The first archival sources of the majority of the marken in the Northern Nederlands date back to the late Middle Ages or early modern times, as was the case in the selected Dutch marken included in our research (De Moor et al. 2016). It is suspected however that the first rules laid down for such a common often already existed among the commoners, but that an increasing population and hence increasing pressure on resources were incentives for laying down these rules in writing. Examples from other types of commons elsewhere in Europe, such as the gemene weiden in Flanders (northern part of Belgium), seem to support this idea: the oldest written rules of the commoners of the Gemene and Loweiden in Assebroek (near Bruges), for example, state explicitly that the rules laid down back then were based on rules agreed upon ‘from immemorial times’ (De Moor 2003).

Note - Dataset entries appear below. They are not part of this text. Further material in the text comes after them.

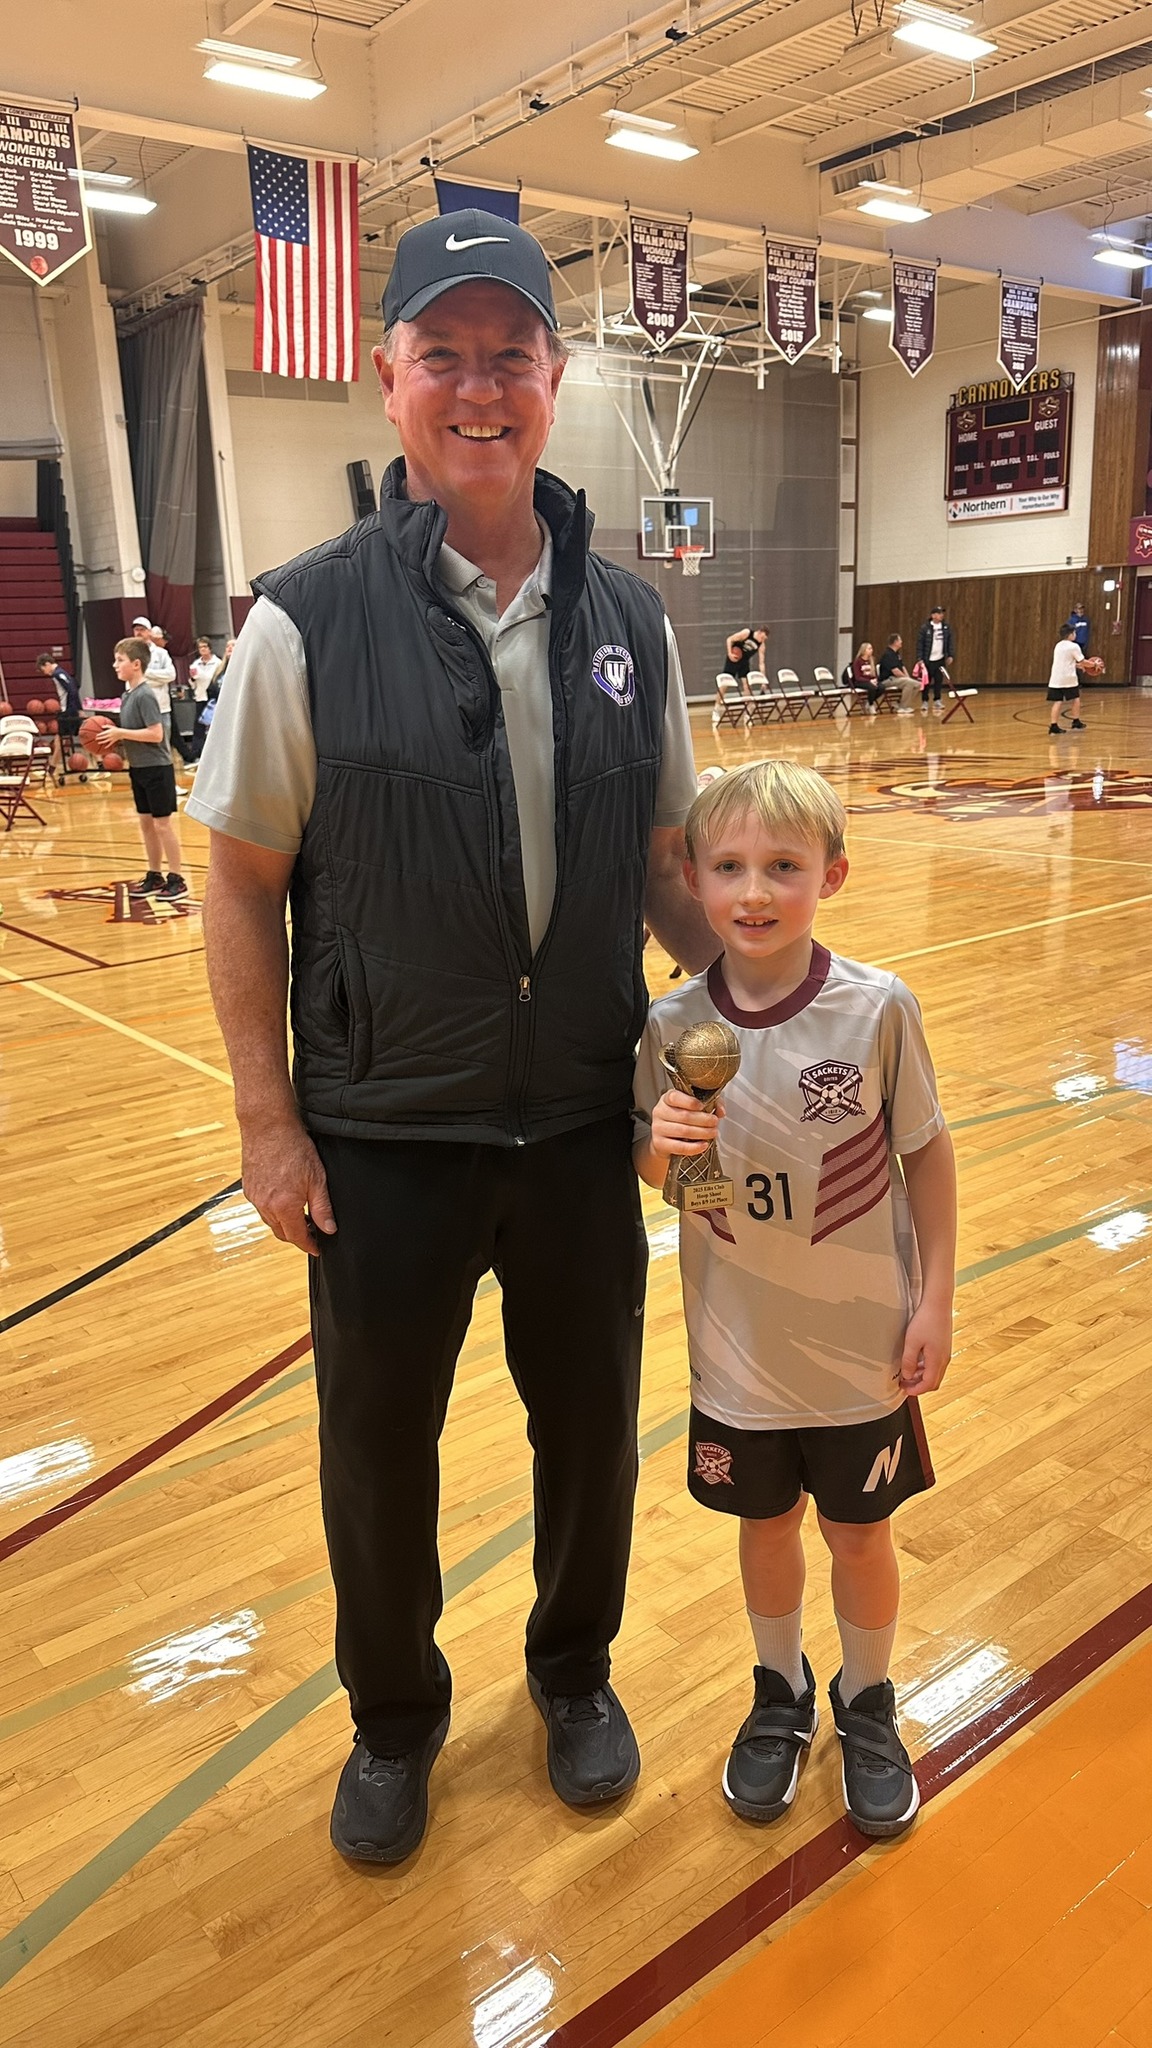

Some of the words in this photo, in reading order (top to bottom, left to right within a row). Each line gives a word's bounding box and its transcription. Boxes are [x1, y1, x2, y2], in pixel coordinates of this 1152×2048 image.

[29, 119, 53, 131] DIV.
[54, 123, 68, 133] III
[0, 125, 70, 149] AMPIONS
[0, 141, 56, 159] WOMEN'S
[0, 153, 66, 172] ASKETBALL
[14, 228, 59, 250] 1999
[633, 232, 686, 251] CHAMPIONS
[642, 245, 677, 258] WOMEN'S
[645, 254, 675, 266] SOCCER
[768, 255, 815, 272] CHAMPIONS
[768, 273, 788, 283] CROSS
[789, 277, 816, 287] COUNTRY
[776, 267, 808, 279] WOMEN'S
[895, 276, 934, 292] CHAMPIONS
[899, 286, 930, 298] VOLLEYBALL
[1003, 298, 1037, 312] CHAMPIONS
[646, 312, 675, 328] 2008
[1006, 308, 1034, 318] VOLLEYBALL
[780, 328, 804, 343] 2015
[1034, 418, 1059, 431] GUEST
[958, 431, 978, 443] HOME
[997, 430, 1016, 439] PERIOD
[1043, 451, 1060, 459] FOULS
[954, 464, 969, 472] FOULS
[990, 459, 1008, 467] PLAYER
[1042, 476, 1059, 485] SCORE
[963, 499, 1007, 513] Northern
[606, 663, 626, 690] W
[811, 1066, 848, 1079] SACKETS
[745, 1172, 793, 1221] 31
[700, 1445, 725, 1455] SACKETS

The first marken emerged in the current province of Overijssel, close to small rivers that provided both good pasture land and a relatively small risk of flooding, in the 8th and 9th centuries (Slicher van Bath et al. 1970). Throughout the following centuries, the spread of marken extended all over the current provinces of Gelderland and Overijssel; although marken in the current province of Drenthe also already existed in the thirteenth century (Van Zanden 1999), an increase of markegenootschappen in that area coincided with the start of extensive commercial exploitation of the extensive peat bogs present there. Although the marken were located in the less populated areas of the Northern Netherlands (Slicher van Bath et al. 1970; Van Zanden 1999), the soil conditions and availability of resources could vary per common. For example, in most of our cases peat was available in a limited amount and hence a scarce resource of which harvesting should be regulated strictly, whereas in the Drenthe marken peat was available in abundance, but good pasture land was a scarce good.

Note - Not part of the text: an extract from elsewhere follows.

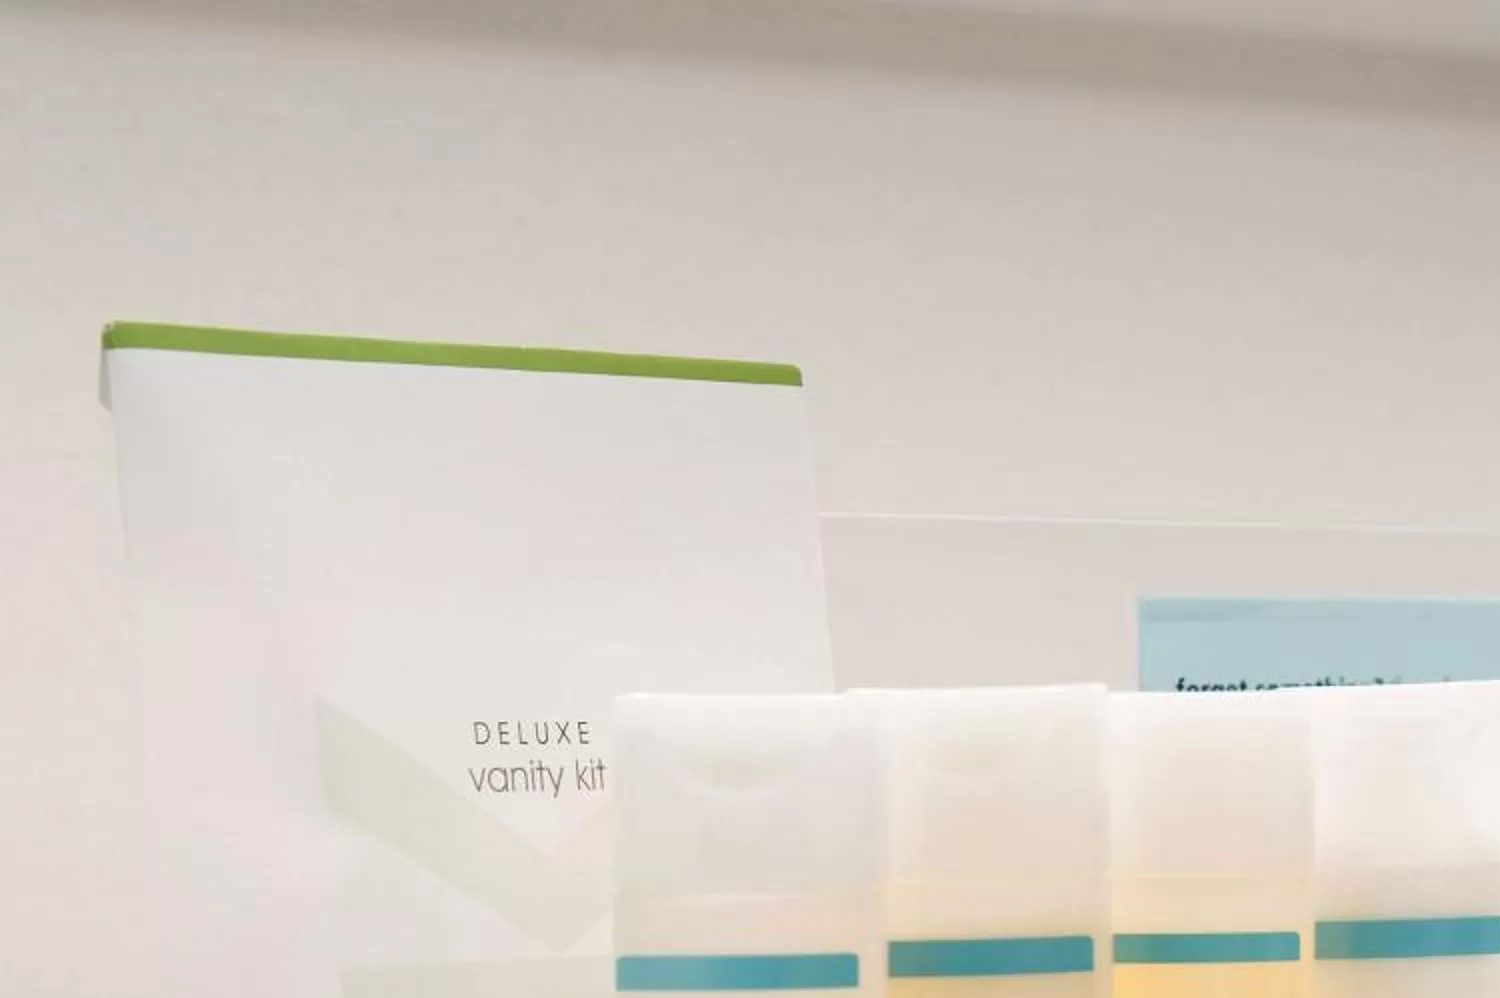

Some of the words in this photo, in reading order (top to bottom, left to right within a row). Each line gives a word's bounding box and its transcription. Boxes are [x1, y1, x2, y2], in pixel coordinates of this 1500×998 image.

Nine out of our ten Dutch commons were located in or just outside the current province of Overijssel. The geographical outlier in our dataset is the marke Het Gooi, which was located near Hilversum, in the far southeast corner of the current province of North-Holland. All were located on sandy, sometimes silted soil in a predominant rural area; only the marken Berkum and Coevorden were located within the vicinity of larger towns, i.c. Zwolle and Coevorden. Only a small part of the land was suitable for growing crops and pasture land. The major part of the areas the Dutch commons concerned uncultivated land, mostly grown with heath, sods, or covered by extensive sand drifts. Until fertilizers were introduced in agriculture emerged in the course of the nineteenth century, the sandy soil was mixed with sods harvested from the uncultivated land, that were fertilized with the manure from the grazing cattle. As fertilizing one area of land required the use of sods of twenty equivalent plots of uncultivated land, the area of land used for agriculture increased at a very slow pace, leaving most of the land uncultivated and used as common land (Slicher van Bath et al. 1970).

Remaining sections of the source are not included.